Dovette fermarsi un attimo e appoggiarsi al tavolo da pranzo. Alzarsi così bruscamente l’aveva scombussolata, le orecchie le fischiavano e la musica ora le dava fastidio.
«Chicchirichì» urlò, perché il visitatore capisse che stava arrivando e non se ne andasse via, pentendosene però all’istante. Sarebbe stato più ragionevole gridare qualcos’altro.
Fu felice di trovare dietro la porta Mika con il suo giubbotto di pelle. Gli saltò subito al collo e, altrettanto velocemente, lo sciolse dal suo abbraccio.

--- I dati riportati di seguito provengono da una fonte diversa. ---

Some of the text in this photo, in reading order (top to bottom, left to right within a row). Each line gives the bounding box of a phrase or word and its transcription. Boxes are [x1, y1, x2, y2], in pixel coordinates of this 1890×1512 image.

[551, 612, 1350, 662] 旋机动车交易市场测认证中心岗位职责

Mika sembrava preoccupato e teso.
«Devo parlarti, potresti spegnere la musica?»
Non voleva nemmeno il caffè. Camminava avanti e indietro al centro del soggiorno.
«È una sinfonia, un’opera per pianoforte e orchestra, il terzo concerto per pianoforte di Beethoven» spiegò Siiri, e spense il lettore cd. Ebbe l’impressione che Mika avesse qualcosa di importante da dirle, era meglio chiamare anche Anna-Liisa. Mentre Siiri digitava il suo interno, Mika rimase in silenzio, seduto sul divano a rovistare nel suo zaino. Siiri gli chiese di togliersi gli stivali infangati e Mika educatamente obbedì. Aveva i calzini bucati, non erano neppure di lana, e Siiri seppe che cosa avrebbe potuto regalargli un giorno, se solo se ne fosse ricordata. Lavorare a maglia non le piaceva ma a Margit sì, e un paio di calze l’avrebbe fatto in un lampo.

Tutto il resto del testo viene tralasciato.